Limerick BioPharma, Inc., a developer of innovative therapies that help cells pump out unwanted or toxic substances, will announce new results from human trials of its lead compound, LIM-0705, at the 23^rd International Congress of the Transplantation Society in Vancouver, Canada, in an oral presentation on August 19, 2010. The results will be presented by Dr. Daniel C. Brennan, Professor of Medicine and Director of Transplant Nephrology at Washington University School of Medicine in St. Louis.

“We are excited to begin planning for our Phase 2a study in early 2011.”
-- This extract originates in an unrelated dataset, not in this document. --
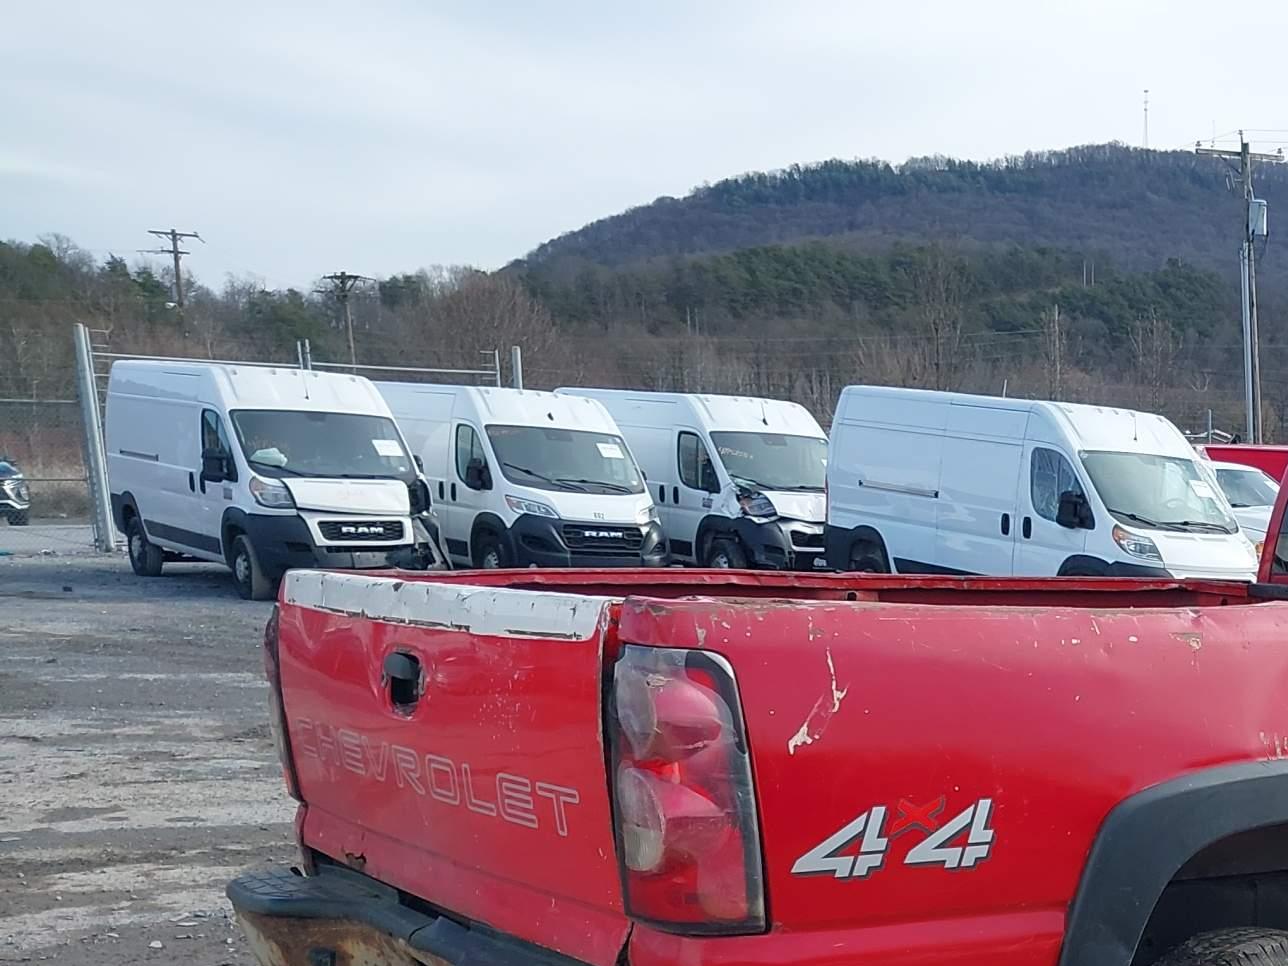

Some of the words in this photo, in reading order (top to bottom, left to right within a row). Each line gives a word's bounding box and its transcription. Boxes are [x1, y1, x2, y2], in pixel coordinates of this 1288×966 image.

LIM-0705 is a small molecule that stimulates lipid transport. It is in development as an adjuvant therapy alongside tacrolimus, a calcineurin inhibitor used as an immunosuppressant for transplant surgery. Although tacrolimus is the gold standard in preventing solid graft rejection, it produces unwanted effects in the pancreas, brain, and kidneys which negatively impacts graft and host survival. LIM-0705 is designed to protect tissues against tacrolimus's untoward effects while preserving its anti-rejection activity.

The Company previously announced Phase 1a data establishing the safety of LIM-0705 as well as a positive effect on the ratio of blood to tissue distribution of tacrolimus. In May 2010, the Company completed a Phase 1b randomized, double-blind, placebo-controlled trial in 44 healthy male volunteers which examined the safety, tolerability, pharmacokinetics, and exploratory pharmacodynamics of LIM-0705 with or without tacrolimus. The effect of tacrolimus and placebo vs. tacrolimus and LIM-0705 on the incidence of hyperglycemia, insulin resistance, and kidney dysfunction was also examined. As expected, tacrolimus, when used with placebo, produced significant perturbations in glucose metabolism and kidney function in otherwise normal subjects over the course of the study. These effects were attenuated in subjects who were administered LIM-0705 in combination with tacrolimus.

"From our Phase 1a data, we were encouraged that LIM-0705 is effective in redistributing tacrolimus away from key organs that are vulnerable to toxicity," said Dr. Michael Chang, Limerick's Vice President of Research and Development. "This new data is the first evidence from human trials that the use of our drug can reduce unwanted physiological consequences of tacrolimus."

Limerick plans additional clinical trials for LIM-0705 that will build on these initial positive findings. "So far, the results from our clinical development program for LIM-0705 have been very positive," said Peter Butera, Senior Director of Clinical Operations. "We are excited to begin planning for our Phase 2a study in early 2011."